Takeaway: KATE is being thrown out with bathwater it wasn’t even bathed in. We’re fighting an uphill sentiment battle, but it’s one worth fighting.

Conclusion. We’re all-in on KATE at current levels. All along, we’ve pointed to a $70-$80 value. The stock is off 26% over the past month, due to sentiment concerns around 'the space' (KORS is off 27%), but our fundamental outlook has not changed one bit. The business remains very strong, we think that comps are accelerating into the double digits in 2Q, and we think that KATE’s margin guidance for this year will prove conservative. Ultimately we think that numbers this year are 15% too low – a delta that widens to 35% next year, and to 50%+ by 2018 when we think KATE has $3.00 in earnings power. Using decelerating multiples as growth accelerates and the P&L matures gets us 55% upside in a year and a 2-3-bagger by 2018. If we see the typical 'peak multiple on peak earnings' that retail knows so well, then a $100+ stock by year 3 is not out of the question.

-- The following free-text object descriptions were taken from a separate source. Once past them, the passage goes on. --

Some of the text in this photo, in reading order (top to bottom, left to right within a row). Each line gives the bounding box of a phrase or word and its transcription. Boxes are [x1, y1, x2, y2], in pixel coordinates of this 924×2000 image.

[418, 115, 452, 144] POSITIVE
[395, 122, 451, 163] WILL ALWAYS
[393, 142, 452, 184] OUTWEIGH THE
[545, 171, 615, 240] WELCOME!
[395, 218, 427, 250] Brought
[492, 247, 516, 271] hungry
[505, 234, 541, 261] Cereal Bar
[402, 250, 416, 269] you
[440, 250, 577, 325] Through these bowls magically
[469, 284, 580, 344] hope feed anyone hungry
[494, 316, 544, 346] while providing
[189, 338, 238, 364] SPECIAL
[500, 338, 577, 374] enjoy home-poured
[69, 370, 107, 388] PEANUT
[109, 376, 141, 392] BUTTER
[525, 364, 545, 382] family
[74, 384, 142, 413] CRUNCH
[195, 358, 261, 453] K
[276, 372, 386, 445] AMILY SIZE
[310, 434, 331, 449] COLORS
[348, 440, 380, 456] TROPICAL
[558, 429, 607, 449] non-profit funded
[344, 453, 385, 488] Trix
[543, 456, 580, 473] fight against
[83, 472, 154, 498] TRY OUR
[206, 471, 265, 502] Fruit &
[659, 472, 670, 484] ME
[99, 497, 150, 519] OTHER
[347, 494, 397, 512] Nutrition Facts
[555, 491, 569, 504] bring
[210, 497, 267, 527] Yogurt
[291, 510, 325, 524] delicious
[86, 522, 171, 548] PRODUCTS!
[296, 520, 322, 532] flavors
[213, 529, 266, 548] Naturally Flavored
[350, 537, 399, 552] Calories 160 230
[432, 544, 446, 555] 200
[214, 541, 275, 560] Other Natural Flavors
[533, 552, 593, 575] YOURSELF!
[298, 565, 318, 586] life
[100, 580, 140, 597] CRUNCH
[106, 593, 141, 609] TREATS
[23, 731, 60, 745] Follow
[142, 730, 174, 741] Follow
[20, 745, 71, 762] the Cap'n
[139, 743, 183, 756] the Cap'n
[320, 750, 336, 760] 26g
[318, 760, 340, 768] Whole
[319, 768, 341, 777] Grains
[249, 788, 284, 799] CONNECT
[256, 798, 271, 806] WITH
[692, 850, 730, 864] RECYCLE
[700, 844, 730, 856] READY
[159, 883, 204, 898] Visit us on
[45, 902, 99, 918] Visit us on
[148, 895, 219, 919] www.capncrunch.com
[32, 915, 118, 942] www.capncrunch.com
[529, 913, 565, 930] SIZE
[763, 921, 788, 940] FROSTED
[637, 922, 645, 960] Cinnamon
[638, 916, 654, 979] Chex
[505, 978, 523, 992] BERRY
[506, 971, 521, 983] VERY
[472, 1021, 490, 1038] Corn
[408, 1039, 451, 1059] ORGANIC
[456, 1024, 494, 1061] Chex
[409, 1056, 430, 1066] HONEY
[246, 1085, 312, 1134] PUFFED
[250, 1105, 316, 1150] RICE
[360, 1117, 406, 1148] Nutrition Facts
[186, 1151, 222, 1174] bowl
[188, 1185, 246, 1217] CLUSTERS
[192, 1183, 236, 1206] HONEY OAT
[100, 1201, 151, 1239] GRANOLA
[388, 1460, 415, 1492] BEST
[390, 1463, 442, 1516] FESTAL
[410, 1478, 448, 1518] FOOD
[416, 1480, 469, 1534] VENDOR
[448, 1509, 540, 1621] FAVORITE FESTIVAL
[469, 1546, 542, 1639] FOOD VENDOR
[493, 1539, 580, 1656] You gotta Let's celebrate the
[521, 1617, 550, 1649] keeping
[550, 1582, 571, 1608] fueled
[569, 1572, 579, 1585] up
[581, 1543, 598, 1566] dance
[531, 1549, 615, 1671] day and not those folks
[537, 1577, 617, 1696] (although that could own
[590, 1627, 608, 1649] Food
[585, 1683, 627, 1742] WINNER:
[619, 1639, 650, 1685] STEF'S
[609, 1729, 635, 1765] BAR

To put this stock move in context, KORS – due to its recent implosion – is down 27% for the past month. While we think KORS is beyond cheap and has meaningful downside support here, the fact of the matter is that whether you’re bullish or bearish on KORS – the stock move can at least be explained away by the headlines. But with KATE – that’s simply not the case. As a sidenote, we turned positive on KORS on this week's implosion, but that was not a typical call for us. We think that KATE offers far better upside, has greater margin of error, and is a much more defendable growth story, by far.


Quick Sentiment Check

Our strong sense on the sentiment is that if you were concerned about ‘the handbag space’ (a definition that we still think is ridiculous) and wanted to short it, you had the following options…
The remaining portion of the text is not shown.